Collection entries
________
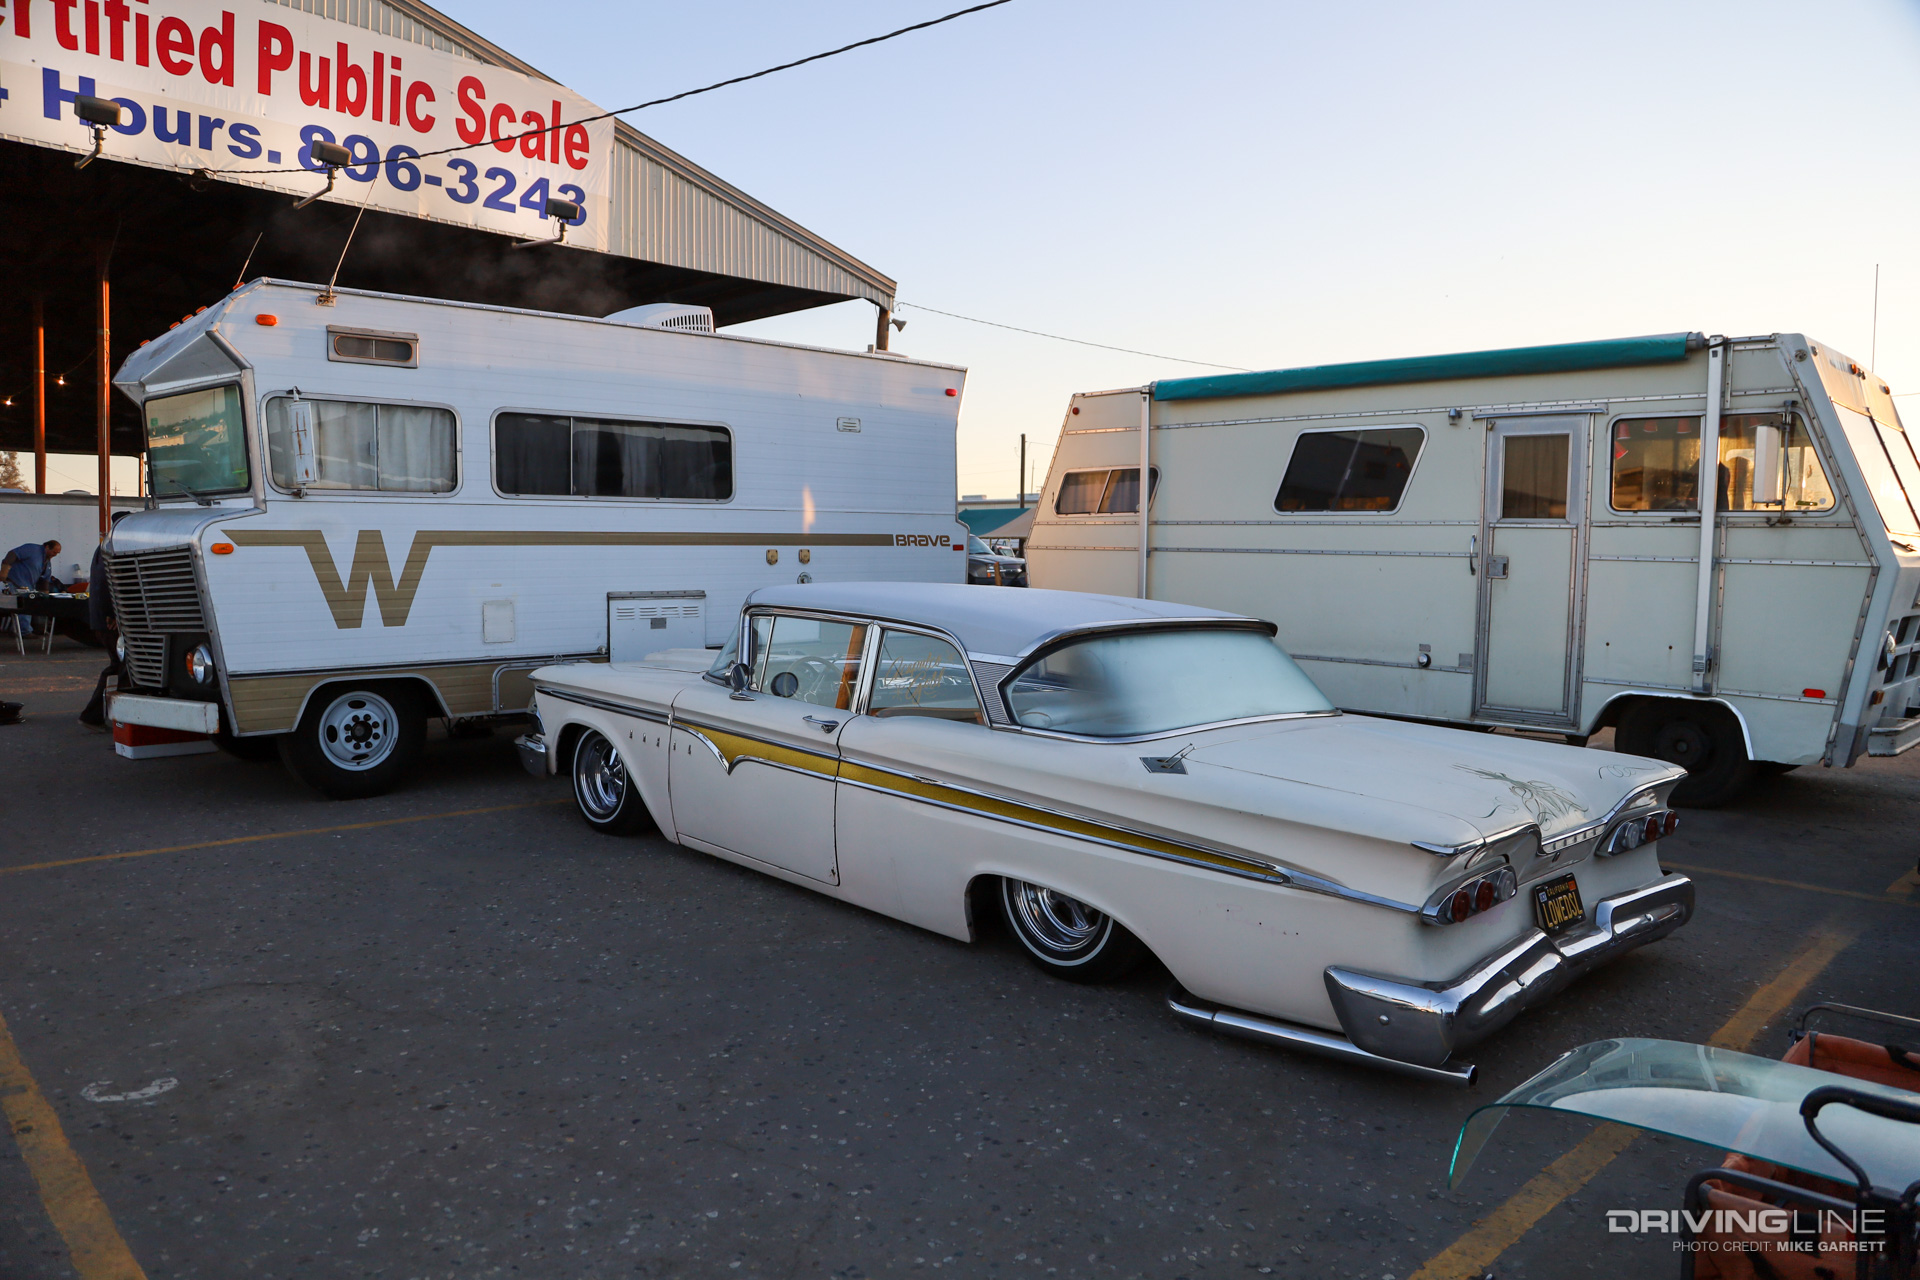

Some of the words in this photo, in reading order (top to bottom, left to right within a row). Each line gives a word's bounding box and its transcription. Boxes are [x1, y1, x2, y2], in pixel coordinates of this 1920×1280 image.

[0, 0, 235, 87] rtified
[257, 20, 437, 134] Public
[455, 75, 590, 171] Scale
[297, 124, 587, 227] 896-3243
[303, 529, 434, 630] W
[1542, 892, 1583, 928] LOWEDSL
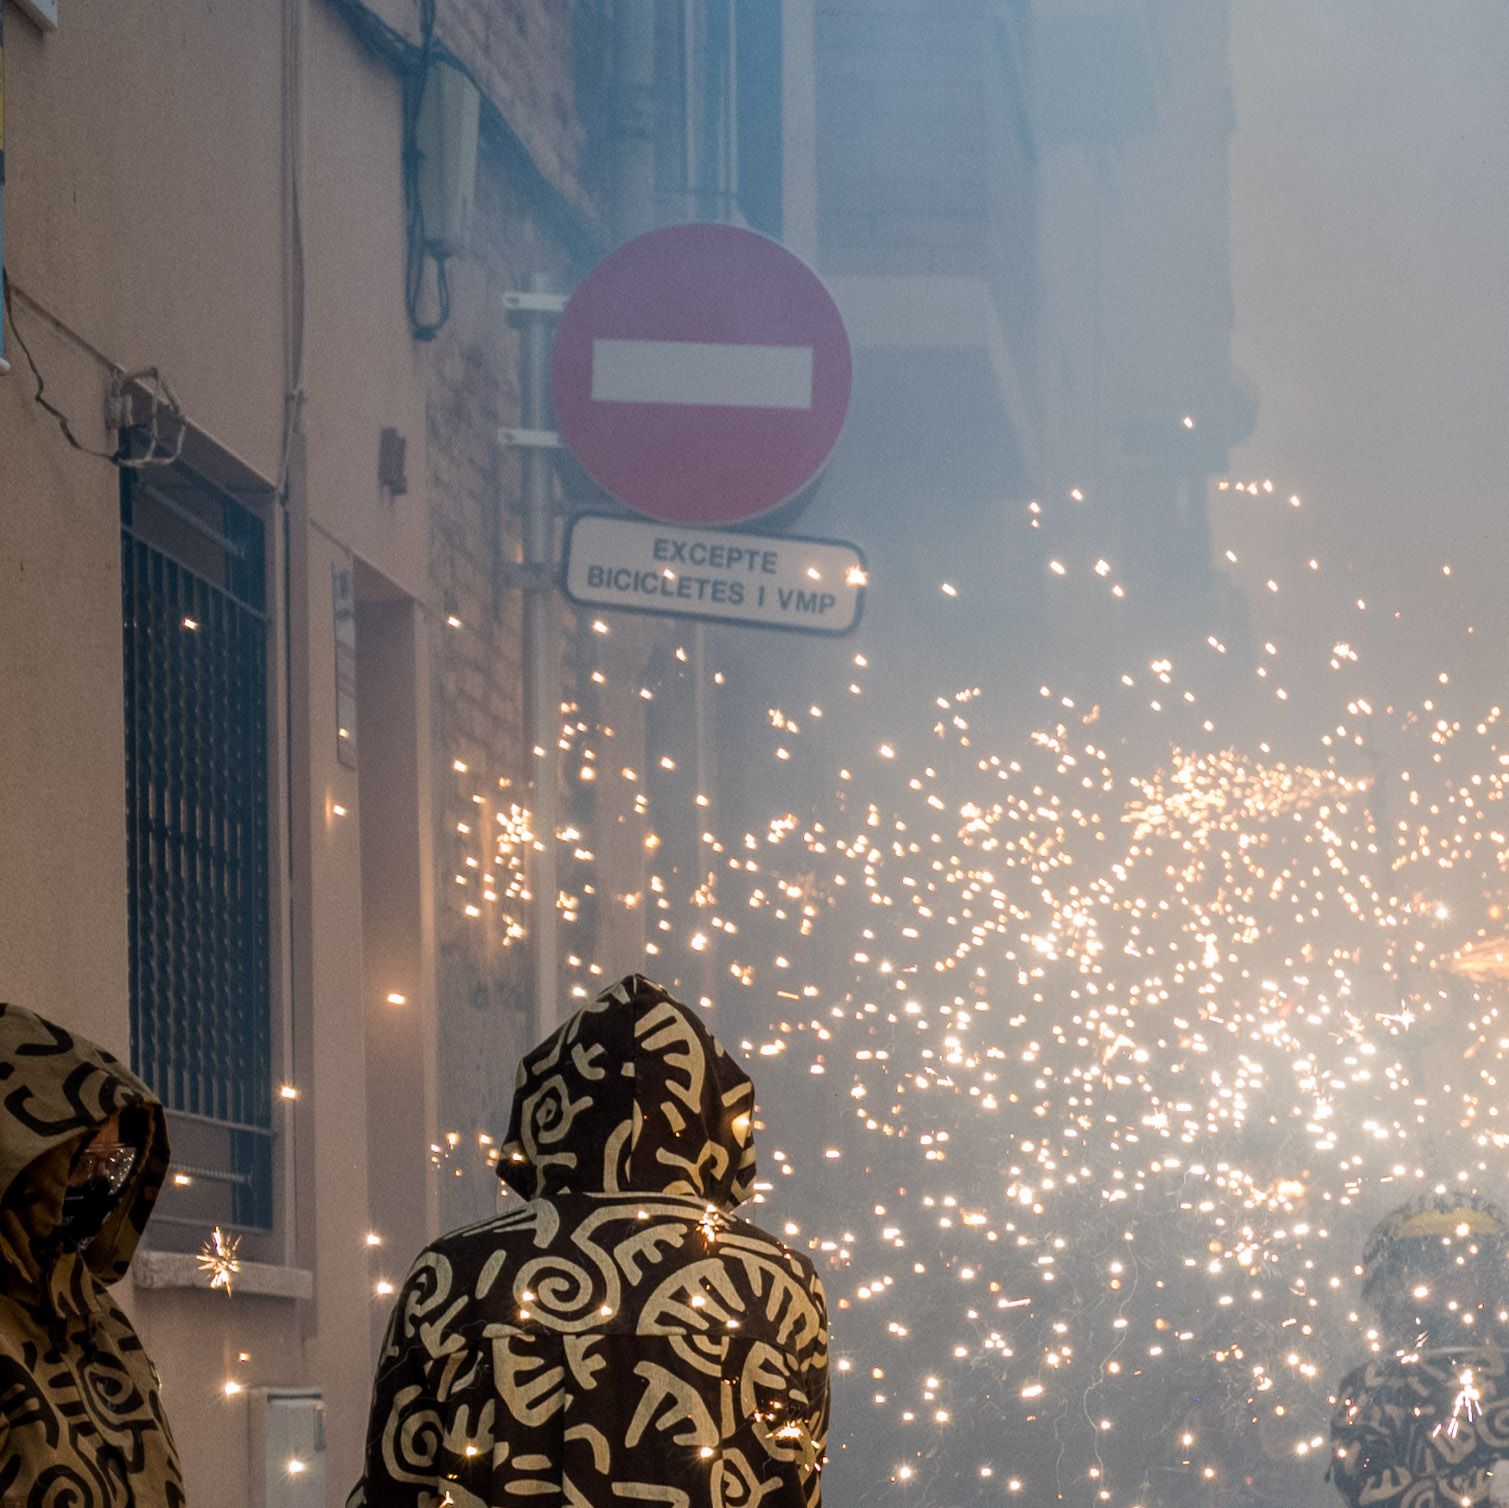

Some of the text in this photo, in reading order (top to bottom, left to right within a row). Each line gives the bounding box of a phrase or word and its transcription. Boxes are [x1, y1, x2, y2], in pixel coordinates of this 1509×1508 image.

[652, 537, 778, 575] EXCEPTE
[586, 564, 837, 616] BICICLETES I VMP
________
--- Description of the task ---
Print every entry verbatim and leave all pictures out.

--- Solution below ---
Some of the words in this photo, in reading order (top to bottom, left to right within a row). Each line gives a word's bounding box and its transcription. Boxes are [x1, y1, x2, y2], in pixel coordinates of this 1920×1280 image.

[0, 0, 235, 87] rtified
[257, 20, 437, 134] Public
[455, 75, 590, 171] Scale
[297, 124, 587, 227] 896-3243
[303, 529, 434, 630] W
[1542, 892, 1583, 928] LOWEDSL

Some of the text in this photo, in reading order (top to bottom, left to right within a row). Each line gives the bounding box of a phrase or word and its transcription. Boxes are [x1, y1, x2, y2], in pixel coordinates of this 1509×1508 image.

[652, 537, 778, 575] EXCEPTE
[586, 564, 837, 616] BICICLETES I VMP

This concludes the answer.